YDB connector for Apache Spark can be used to integrate YDB data into Spark jobs. It supports reading and writing YDB tables, allowing for fast data access and ingestion.

For read operations, the connector supports basic filter pushdown using the primary keys and key prefixes. YDB indexes are exposed as Spark tables too, and can be used to query the data in a way similar to "normal" tables. YDB ReadTable API is used "under the covers".

For write operations, the connector uses the UPSERT ... SELECT ... statement to perform parallel data ingestion into the YDB tables. The connector can be configured to use the REPLACE ... SELECT ..., or YDB BulkUpsert API.

The connector has passed the basic tests with Apache Spark 3.3, 3.4 and 3.5, working on top of YDB 23.3.

Known limitations and future work

  1. The connector does not currently support consistent reading and transactional writes. Both features are planned to be implemented using the YDB's snapshots and its CopyTables and RenameTables APIs.
  2. The connector may require significant memory on the Spark executor side to read large tables with the default settings. 4 GB or more memory per core is highly recommended.
  3. Access to YDB columnar tables is not supported yet.
  4. Reading YDB system tables (those under the .sys directory) is currently not supported.
  5. Predicate pushdown is limited to primary key, secondary index key (when accessing indexes), or their prefixes. It is specially important to better support pushdowns with YDB columnar tables.
  6. Reading and writing YDB tables containing columns of PostgreSQL-compatible types is not supported yet.
  7. Handling of YDB's UInt64 data type is inefficient (conversion from and to the corresponding Spark type is performed through text representation).
  8. Joining with large YDB tables may be inefficient, because key lookups are currently not supported.
  9. When writing to YDB tables, there is no way to specify the primary key when explicit table creation is performed in the "error" and "overwrite" save modes. Random unique key is generated in that case and stored in the _spark_key column. As a workaround, explicit table creation should be used instead, plus the truncate=true option where needed.

Those limitations are to be addressed in the future releases of the connector.

Connector setup

The connector is deployed as a "fat" jar archive containing the code for its dependencies, including the GRPC libraries and YDB Java SDK. Commonly used dependencies are "shaded", e.g. put into the non-usual Java package to avoid the version conflicts with other libraries used in the Spark jobs.

Spark jobs using the connector should have the connector jar defined as a dependency, either explicitly (by putting it into the --jars argument of spark-submit) or implicitly (by putting into the system jars folder of the Spark installation).

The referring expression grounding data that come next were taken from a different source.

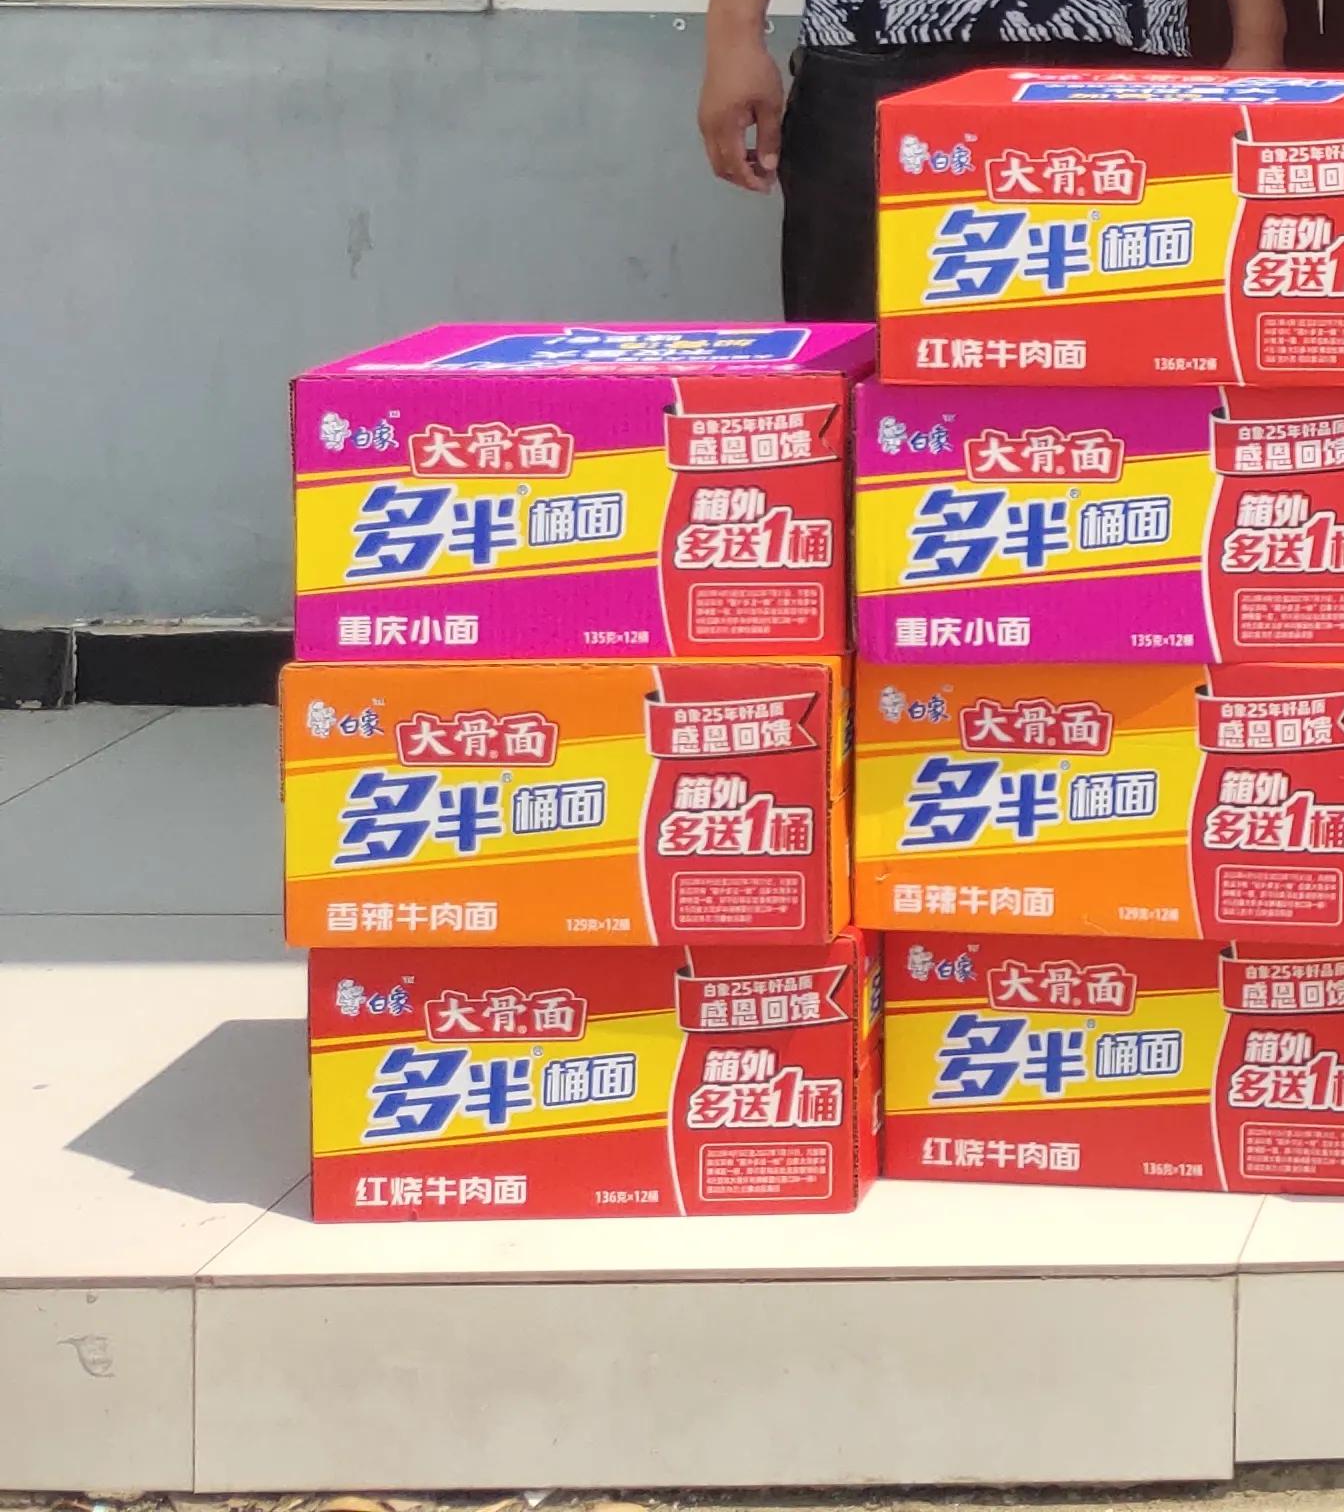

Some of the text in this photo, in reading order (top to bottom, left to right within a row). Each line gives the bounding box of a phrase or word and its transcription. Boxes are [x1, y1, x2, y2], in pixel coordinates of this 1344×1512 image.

[998, 156, 1133, 196] 大骨面
[1261, 217, 1330, 251] 箱外
[925, 210, 1193, 301] 多半 桶面
[917, 339, 1087, 370] 红烧牛肉面
[421, 436, 561, 470] 大骨面
[689, 432, 811, 465] 感恩回馈
[974, 432, 1112, 476] 大骨面
[693, 489, 764, 520] 箱外
[1238, 492, 1309, 525] 箱外
[346, 485, 622, 578] 多半 桶面
[676, 510, 832, 568] 多送1桶
[903, 490, 1170, 580] 多半 桶面
[339, 615, 479, 646] 重庆小面
[895, 617, 1030, 647] 重庆小面
[409, 720, 547, 760] 大骨面
[671, 722, 792, 753] 感恩回馈
[972, 706, 1100, 746] 大骨面
[1217, 717, 1333, 748] 感恩回馈
[676, 776, 746, 808] 箱外
[901, 757, 1157, 846] 多半 桶面
[1220, 770, 1288, 804] 箱外
[333, 772, 606, 865] 多半 桶面
[660, 795, 814, 855] 多送1桶
[326, 901, 497, 932] 香辣牛肉面
[893, 884, 1055, 918] 香辣牛肉面
[999, 968, 1124, 1008] 大骨面
[437, 996, 574, 1035] 大骨面
[700, 994, 820, 1027] 感恩回馈
[933, 1015, 1183, 1099] 多半 桶面
[1244, 1031, 1313, 1063] 箱外
[704, 1048, 774, 1083] 箱外
[365, 1047, 637, 1138] 多半 桶面
[687, 1067, 843, 1128] 多送1桶
[921, 1137, 1081, 1169] 红烧牛肉面
[355, 1175, 527, 1207] 红烧牛肉面
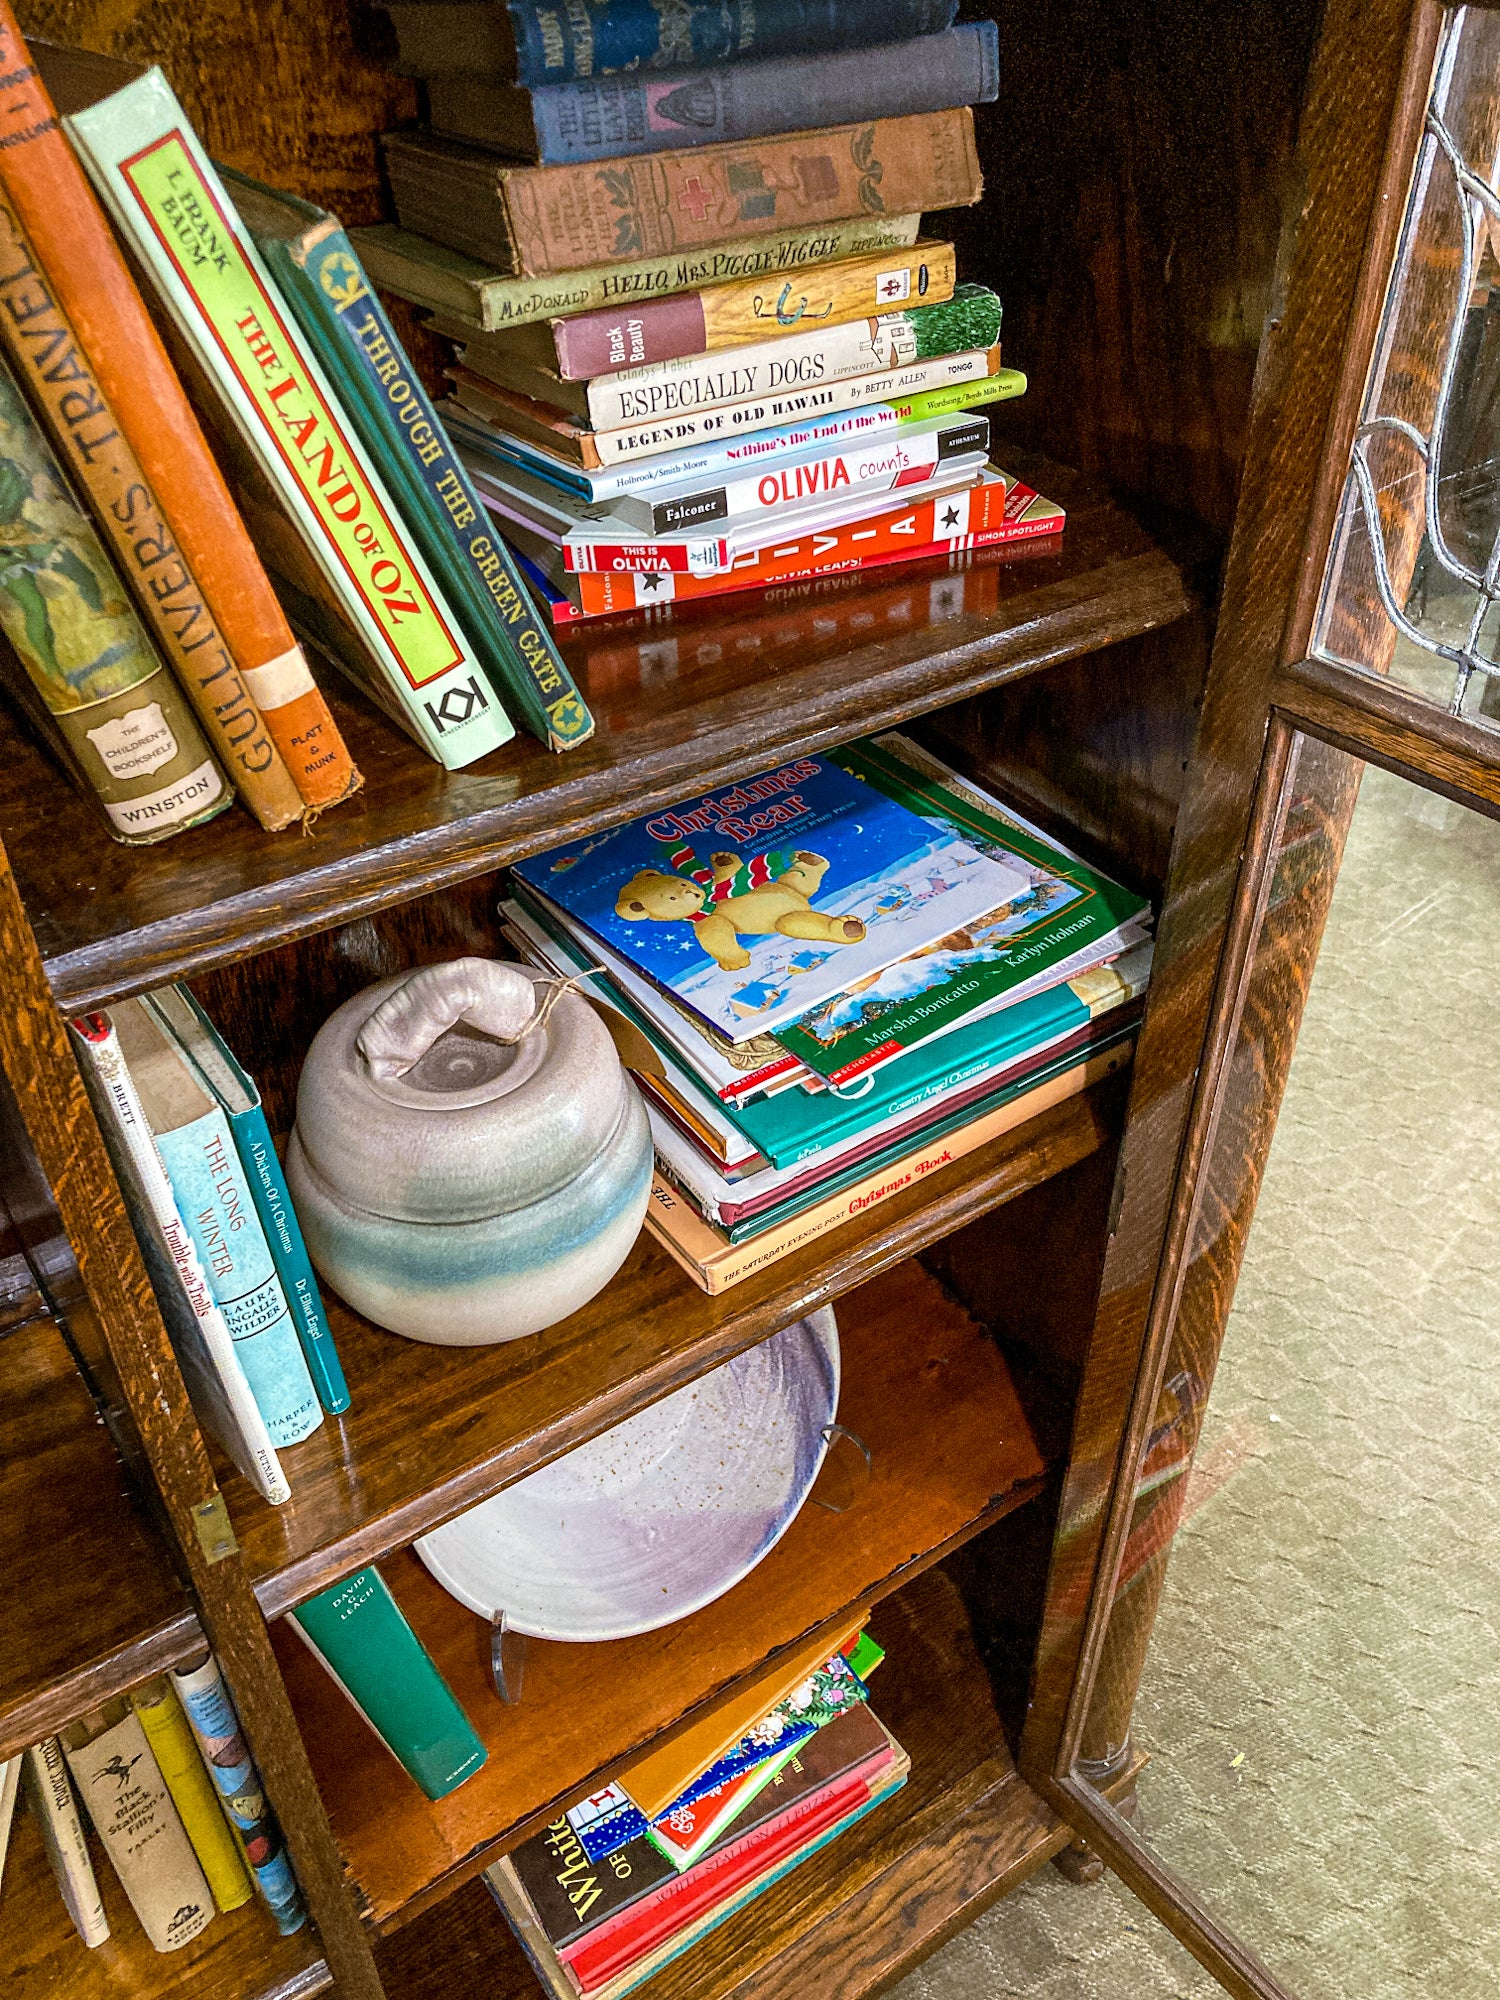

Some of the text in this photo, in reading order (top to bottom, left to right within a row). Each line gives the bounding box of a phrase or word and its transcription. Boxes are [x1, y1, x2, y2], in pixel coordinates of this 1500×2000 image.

[161, 196, 208, 268] BAUM
[181, 191, 231, 275] FRANK
[600, 274, 669, 298] HELLO,
[605, 326, 626, 364] Black
[626, 318, 646, 362] Beauty
[616, 363, 657, 383] Gladys
[618, 353, 875, 420] ESPECIALLY DOGS LIPPINCOTT
[616, 361, 973, 451] LEGENDS OF OLD HAWAII By BETTY ALLEN TONGG
[726, 431, 787, 460] Nothing's
[789, 431, 810, 446] the
[812, 426, 838, 440] End
[842, 419, 854, 432] of
[855, 414, 876, 429] the
[877, 405, 913, 422] World
[235, 306, 421, 625] THE LAND OF OZ
[665, 500, 717, 522] Falconer
[757, 457, 852, 506] OLIVIA
[858, 444, 910, 479] counts
[357, 313, 564, 695] THROUGH THE GREEN GATE
[977, 531, 1004, 543] SIMON
[1007, 522, 1055, 537] SPOTLIGHT
[611, 557, 672, 572] OLIVIA
[622, 546, 658, 556] THIS IS
[109, 483, 274, 774] GULLIVER'S
[104, 727, 168, 759] CHILDREN'S
[120, 724, 140, 737] THE
[289, 723, 324, 747] PLATT
[112, 741, 174, 772] BOOKSHELF
[304, 751, 338, 775] MUNK
[310, 745, 320, 755] &
[121, 777, 210, 823] WINSTON
[646, 758, 823, 843] Christmas
[715, 794, 813, 844] Bear
[864, 1018, 920, 1047] Marsha
[916, 980, 980, 1018] Bonicatto
[1003, 939, 1049, 969] Karlyn
[1045, 914, 1096, 950] Holman
[740, 1057, 792, 1084] SCHOLASTIC
[840, 1041, 896, 1077] SCHOLASTIC
[888, 1093, 922, 1114] Country
[923, 1077, 948, 1098] Angel
[949, 1062, 990, 1085] Christmas
[249, 1141, 263, 1152] A
[203, 1134, 247, 1232] THE LONG
[252, 1150, 273, 1190] Dickens
[270, 1202, 281, 1212] A
[723, 1150, 956, 1283] THE SATURDAY EVENING POST Christmas Book
[196, 1207, 235, 1279] WINTER
[272, 1209, 294, 1254] Christmas
[112, 1084, 276, 1485] BRETT Trouble with Trolls PUTNAM
[295, 1278, 307, 1293] Dr.
[223, 1286, 275, 1316] LAURA
[226, 1294, 278, 1325] INGALLS
[230, 1305, 282, 1335] WILDER
[304, 1315, 324, 1341] Engel
[266, 1399, 314, 1429] HARPER
[282, 1420, 311, 1441] ROW
[332, 1576, 366, 1608] DAVID
[340, 1588, 375, 1620] LEACH
[114, 1784, 142, 1805] The
[114, 1789, 152, 1820] Black
[107, 1791, 167, 1836] Stallion's
[126, 1812, 156, 1836] Filly
[608, 1854, 632, 1879] OF
[656, 1872, 700, 1905] WHITE
[704, 1830, 768, 1876] STALLION
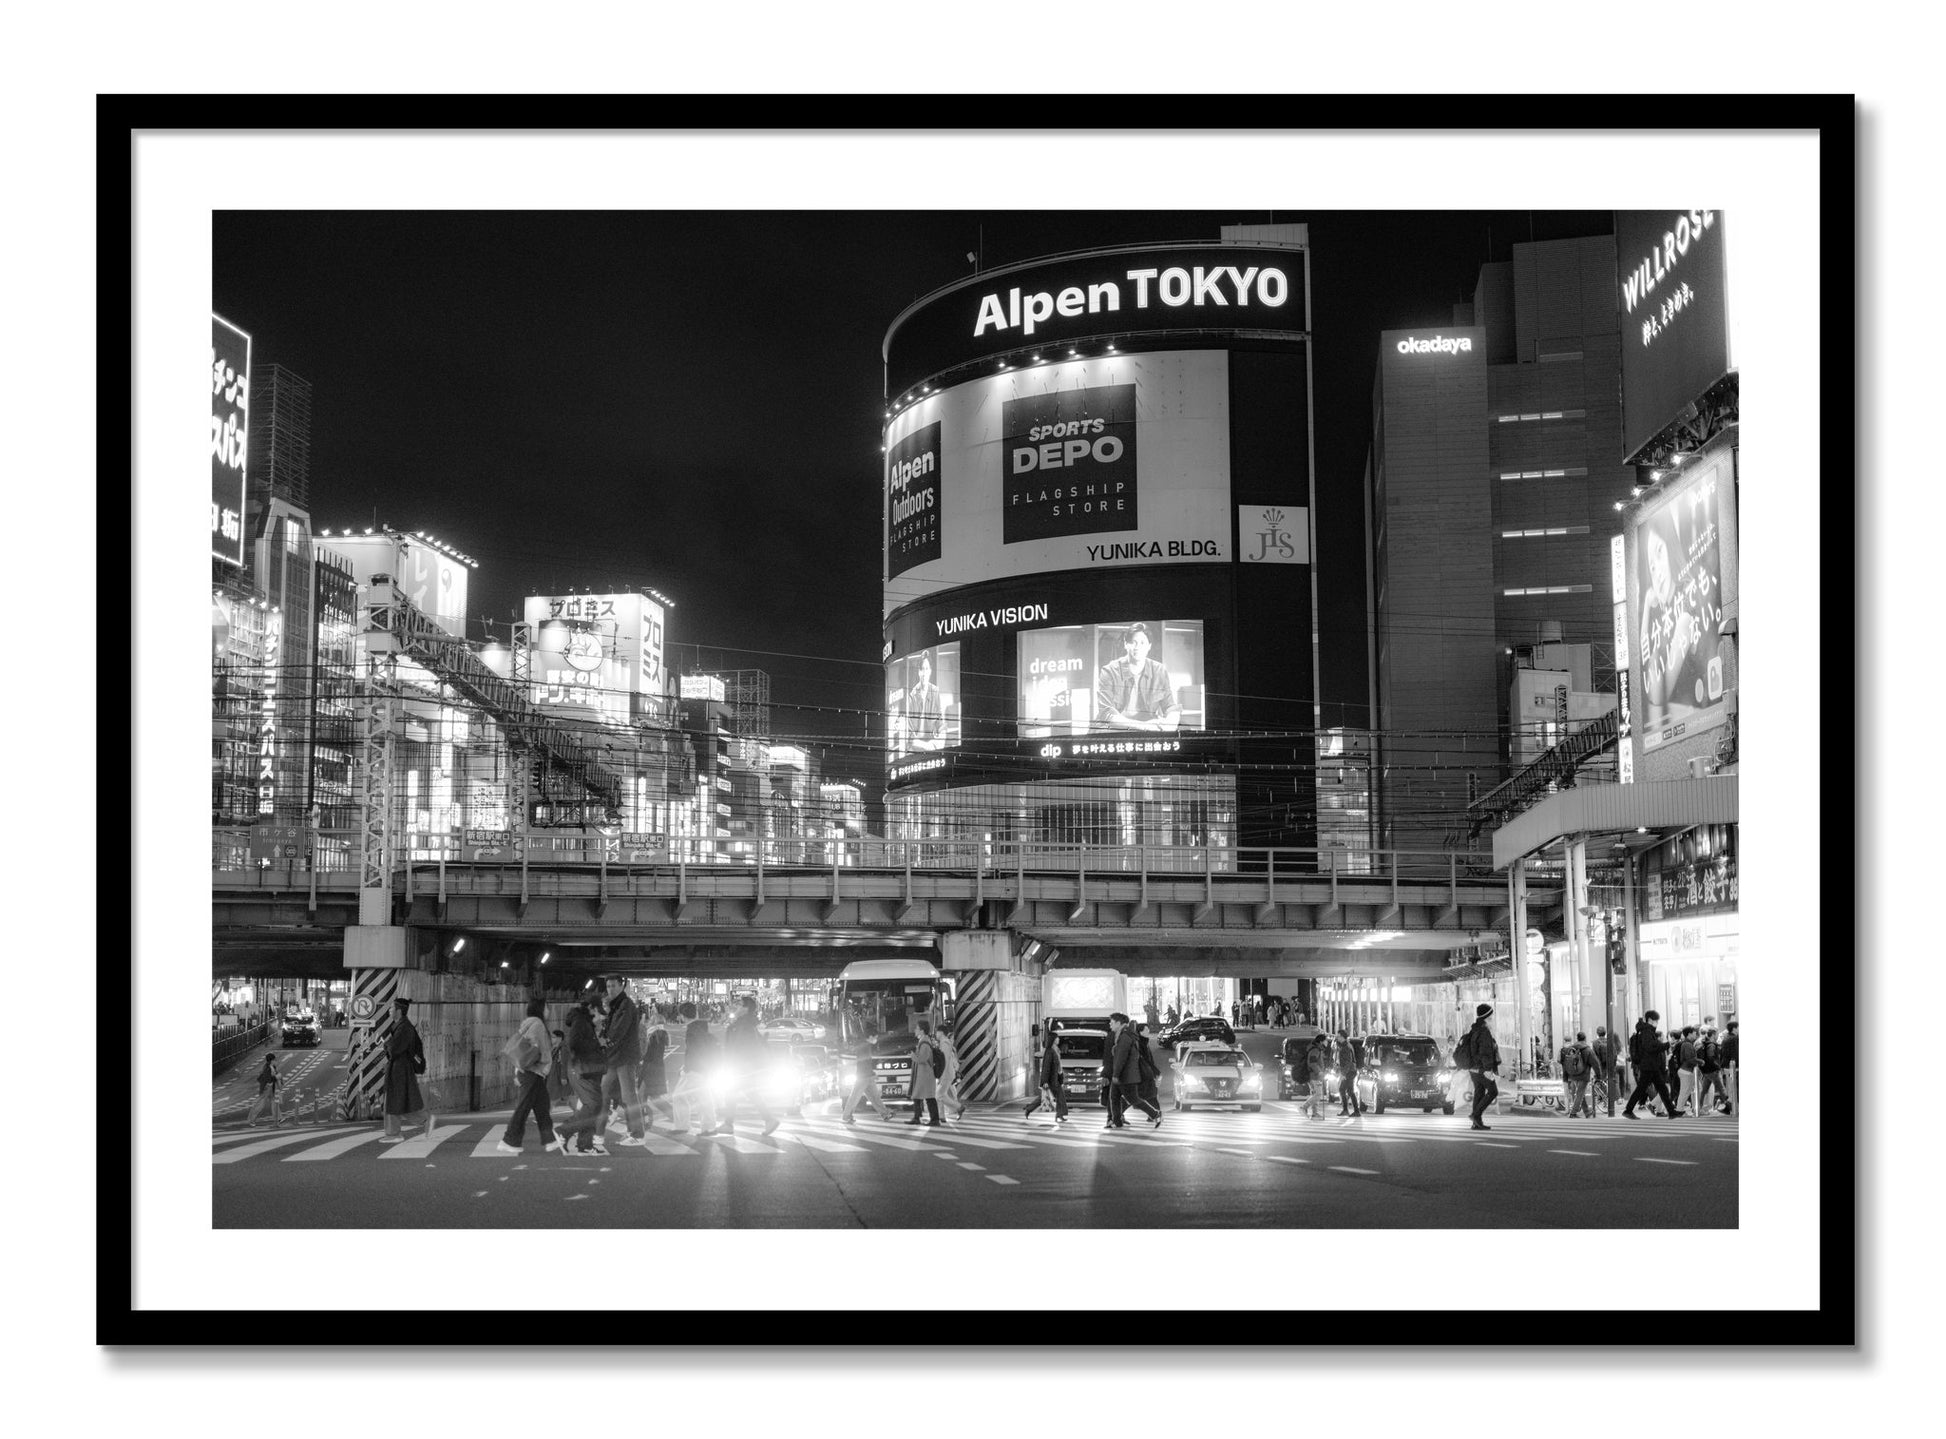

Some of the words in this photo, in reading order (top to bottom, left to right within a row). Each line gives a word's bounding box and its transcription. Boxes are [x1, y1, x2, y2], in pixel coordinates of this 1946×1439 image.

[973, 280, 1120, 337] Alpen
[1127, 266, 1288, 309] TOKYO
[1397, 335, 1472, 354] okadaya
[212, 348, 248, 409] チンコ
[1028, 418, 1105, 441] SPORTS
[1012, 435, 1124, 474] DEPO
[890, 451, 935, 495] Alpen
[892, 487, 934, 526] Outdoors
[1013, 482, 1125, 505] FLAGSHIP
[1052, 499, 1125, 517] STORE
[890, 514, 935, 546] FLAGSHIP
[902, 530, 935, 553] STORE
[1087, 538, 1164, 562] YUNIKA
[1168, 539, 1222, 558] BLDG.
[550, 598, 616, 617] プロミス
[935, 610, 988, 636] YUNIKA
[990, 603, 1048, 624] VISION
[1641, 566, 1718, 666] 自分本位でも、
[1643, 602, 1721, 695] いいじゃない。
[1030, 657, 1083, 674] dream
[1040, 743, 1062, 759] dip
[1072, 741, 1180, 755] 夢を叶える仕事に出会おう

The connector can be used in one of two available styles:

  • by defining one or more Spark "catalogs", with each catalog pointing to some YDB database,
  • by configuring the data source options directly in the Spark job code for accessing the single table.

YDB Spark catalog names, when defined, allow to access YDB tables in a way very similar to tables defined in the Spark's Hive catalog. Each YDB-supported Spark catalog looks like a "database" from the Spark point of view.

When configuring the "catalog" style access to YDB database from the Spark job, the configuration properties should be defined as described below:

  • spark.sql.catalog.<CatalogName> should be set to tech.ydb.spark.connector.YdbCatalog, which configures the <CatalogName> as Spark catalog for accessing YDB tables;
  • spark.sql.catalog.<CatalogName>.url should be set to YDB database URL, typically in the form of grpcs://endpoint:port/?database=/Domain/dbname;
  • spark.sql.catalog.<CatalogName>.<Property>, where <Property> is one of the supported configuration properties for YDB connector (see the reference below).

Important

Do not use the literal value "ydb" for the catalog name ("ydb1" will work fine, for example). The attempt to use the YDB provider identifier - e.g. "ydb" - as the catalog name will cause calls like spark.table("ydb.table_name") to fail with the following error: "Unsupported data source type for direct query on files".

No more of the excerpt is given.